Instructions to follow ▸
List all lines of the data that include the string "words".

Data for analysis ▸
◇ ◇ ◇ ◇

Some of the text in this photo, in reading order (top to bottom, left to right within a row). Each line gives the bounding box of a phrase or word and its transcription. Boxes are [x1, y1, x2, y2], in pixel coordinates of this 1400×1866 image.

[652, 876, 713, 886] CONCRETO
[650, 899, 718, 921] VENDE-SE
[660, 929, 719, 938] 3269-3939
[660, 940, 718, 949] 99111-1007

◇ ◇ ◇ ◇

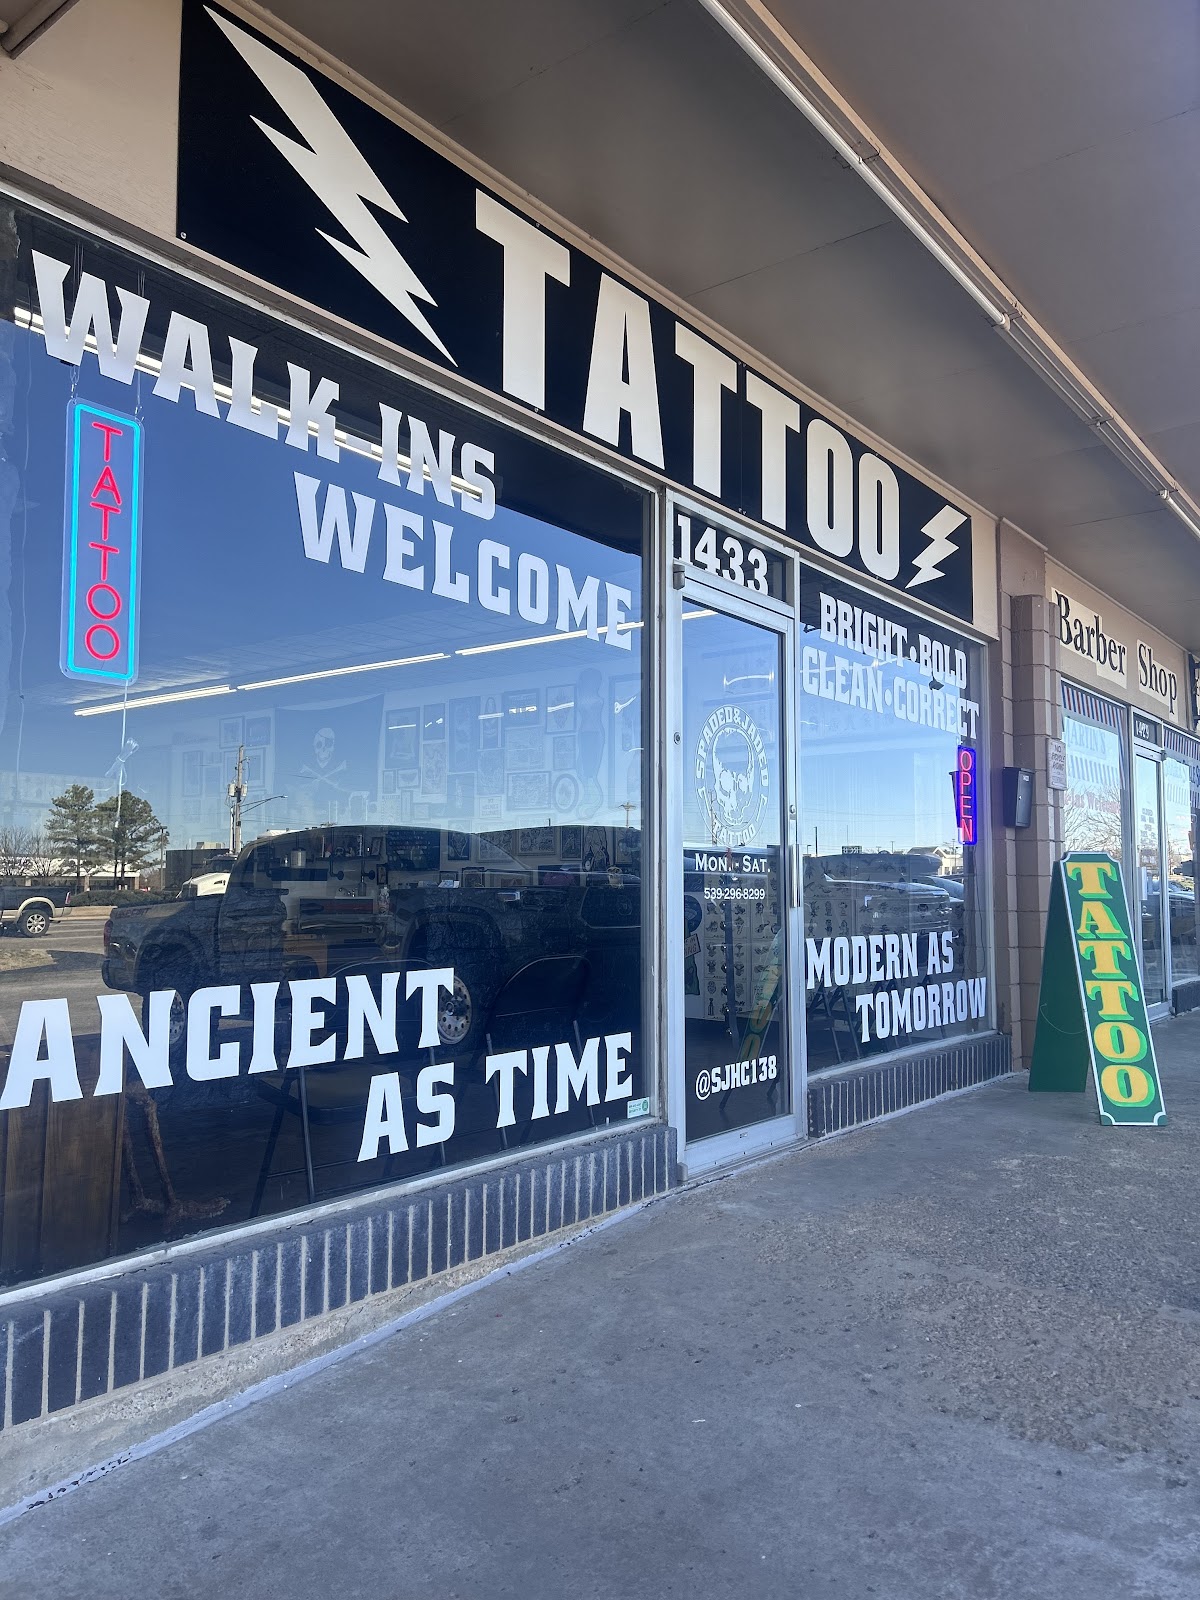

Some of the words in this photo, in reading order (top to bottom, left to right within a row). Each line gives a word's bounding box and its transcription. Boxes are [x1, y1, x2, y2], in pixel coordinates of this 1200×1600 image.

◇ ◇ ◇ ◇

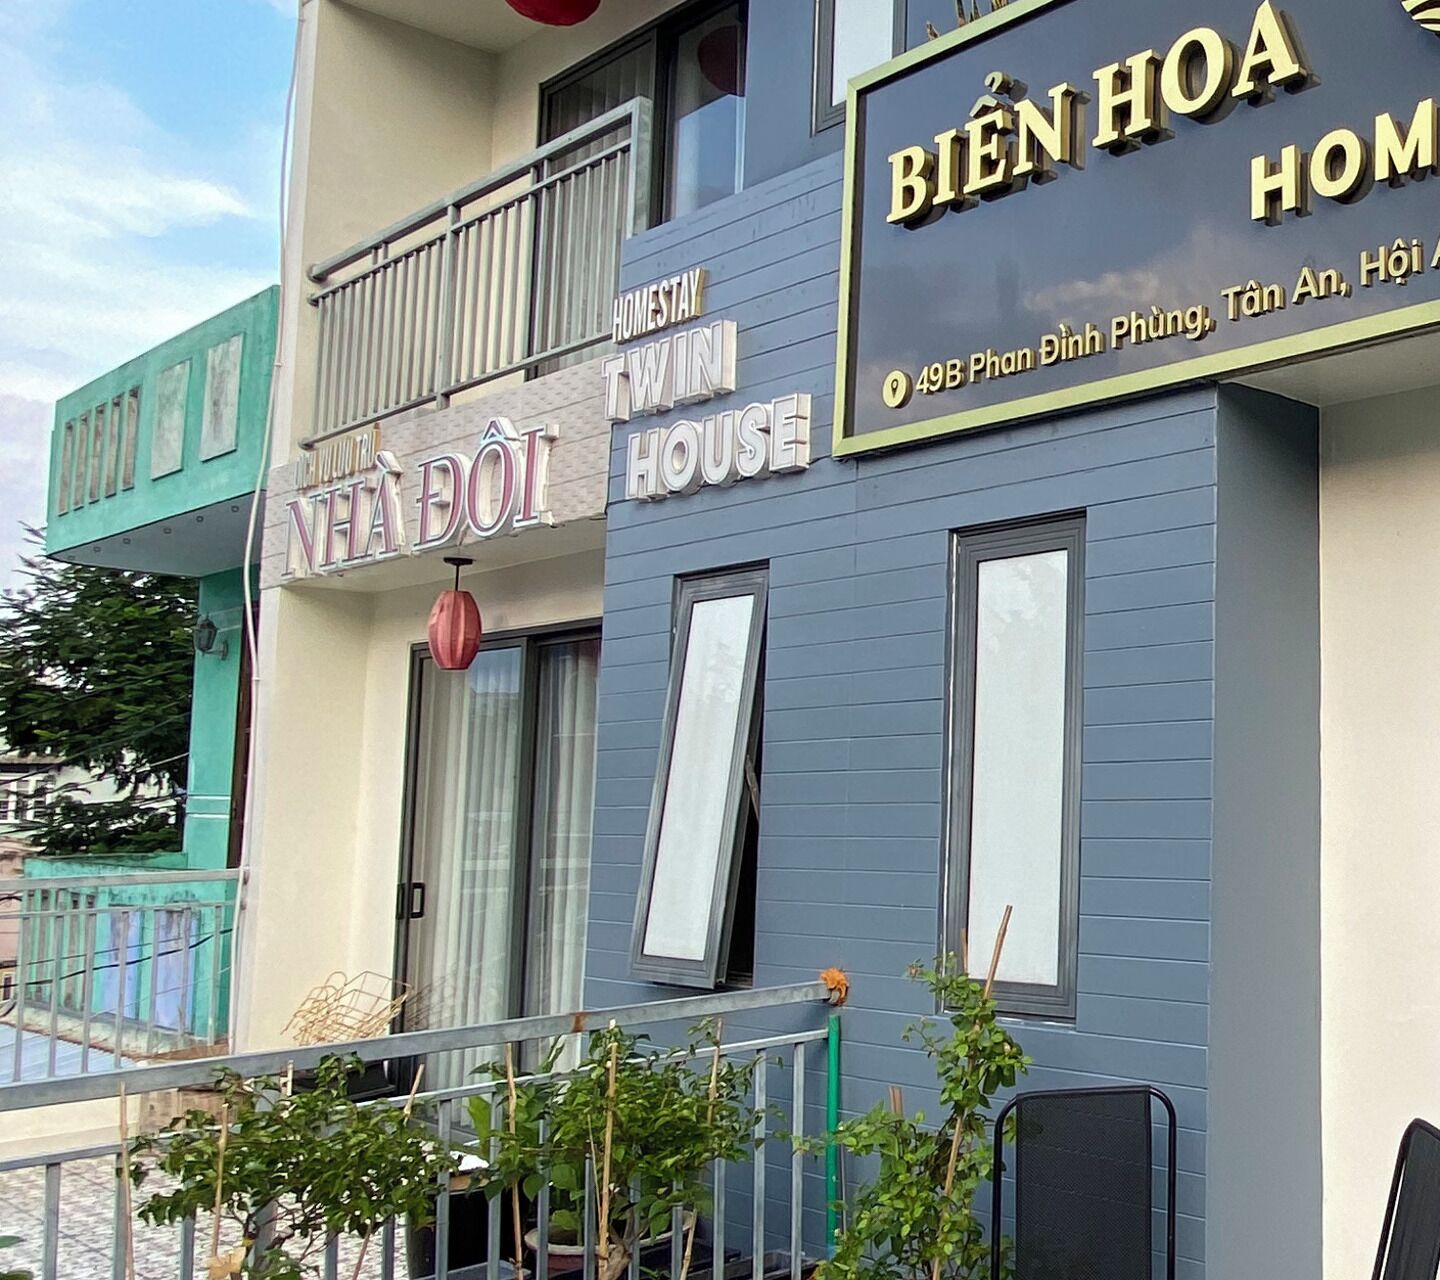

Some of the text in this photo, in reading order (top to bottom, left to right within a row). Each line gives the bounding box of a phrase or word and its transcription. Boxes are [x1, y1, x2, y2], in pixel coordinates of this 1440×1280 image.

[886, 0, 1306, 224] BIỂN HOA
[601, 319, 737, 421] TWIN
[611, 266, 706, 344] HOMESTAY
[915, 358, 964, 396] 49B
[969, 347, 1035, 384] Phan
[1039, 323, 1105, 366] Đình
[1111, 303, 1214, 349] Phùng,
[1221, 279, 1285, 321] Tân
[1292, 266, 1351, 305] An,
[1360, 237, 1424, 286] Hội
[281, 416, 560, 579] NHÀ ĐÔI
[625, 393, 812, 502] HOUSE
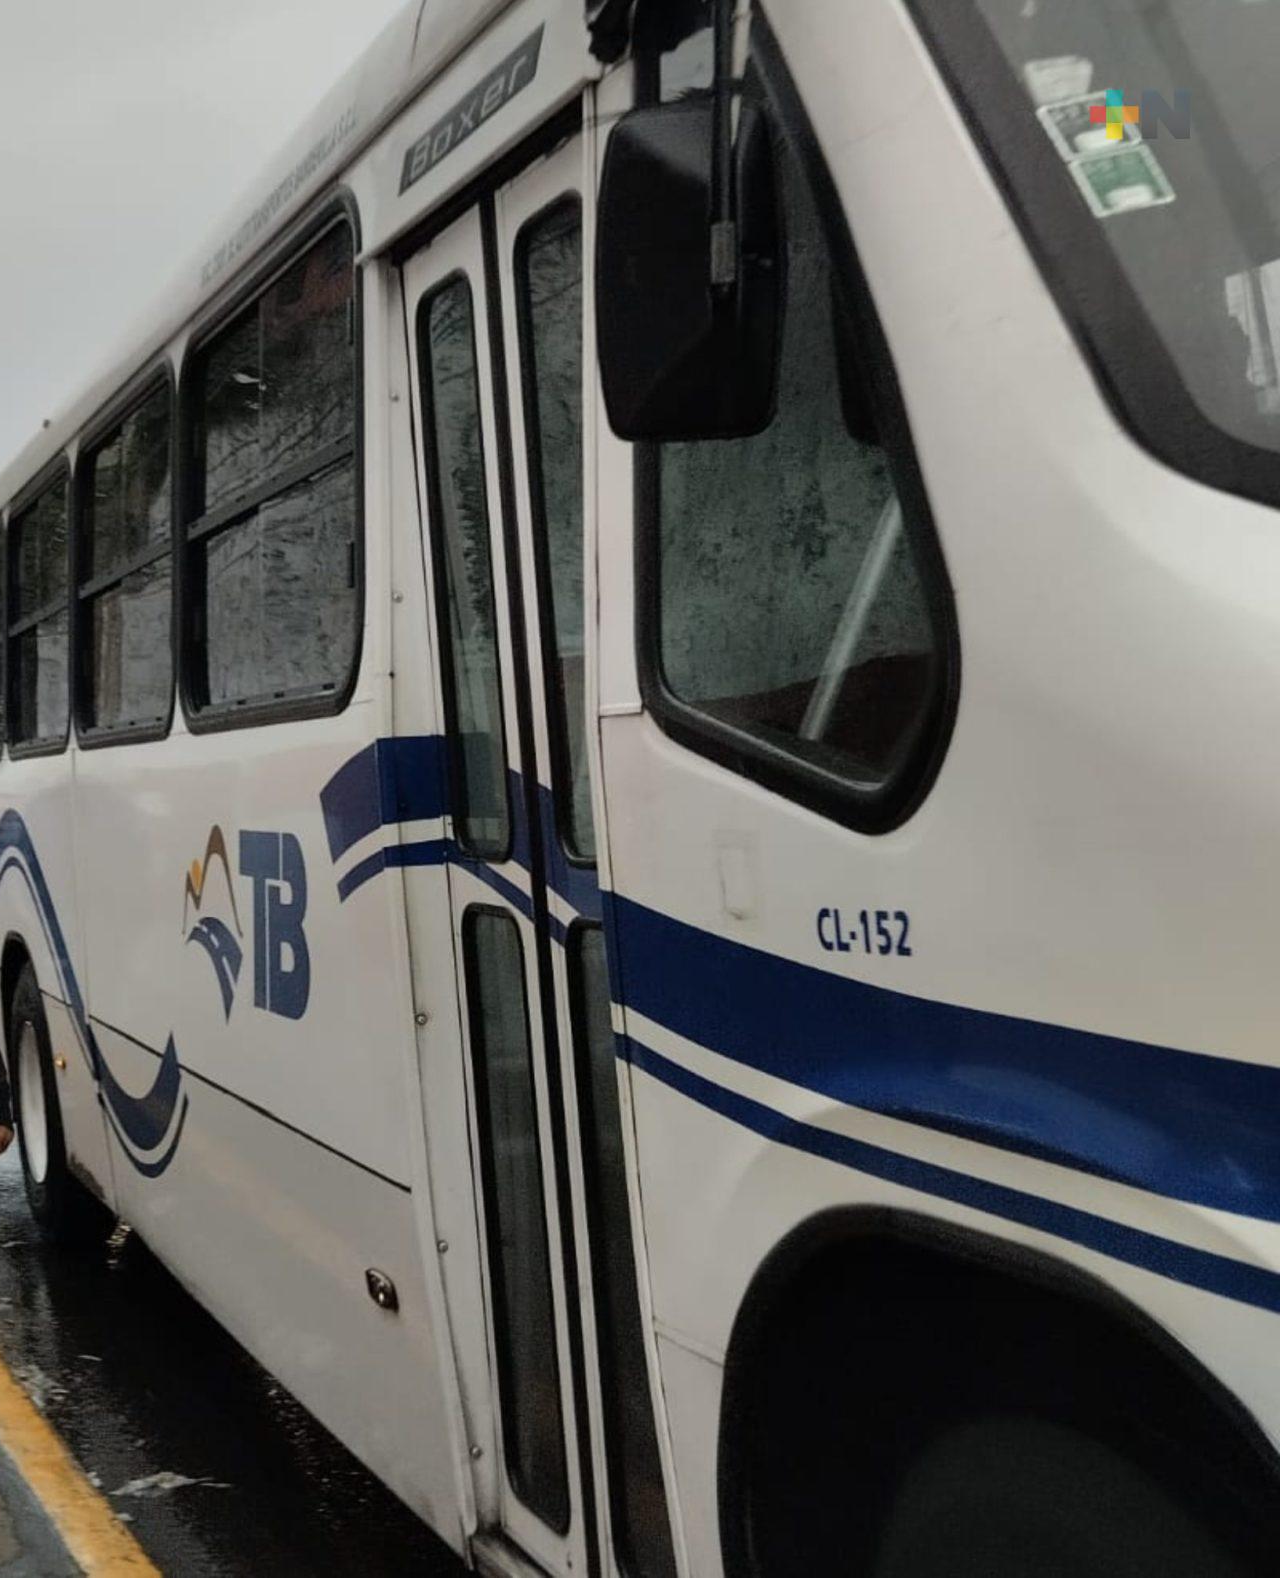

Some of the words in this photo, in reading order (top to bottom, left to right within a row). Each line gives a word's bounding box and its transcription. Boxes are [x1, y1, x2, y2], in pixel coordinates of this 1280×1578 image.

◇ ◇ ◇ ◇

Expected output ▸
Some of the words in this photo, in reading order (top to bottom, left to right within a row). Each line gives a word's bounding box and its transcription. Boxes are [x1, y1, x2, y2], in pixel coordinates of this 1200×1600 image.
Some of the words in this photo, in reading order (top to bottom, left to right within a row). Each line gives a word's bounding box and its transcription. Boxes are [x1, y1, x2, y2], in pixel coordinates of this 1280×1578 image.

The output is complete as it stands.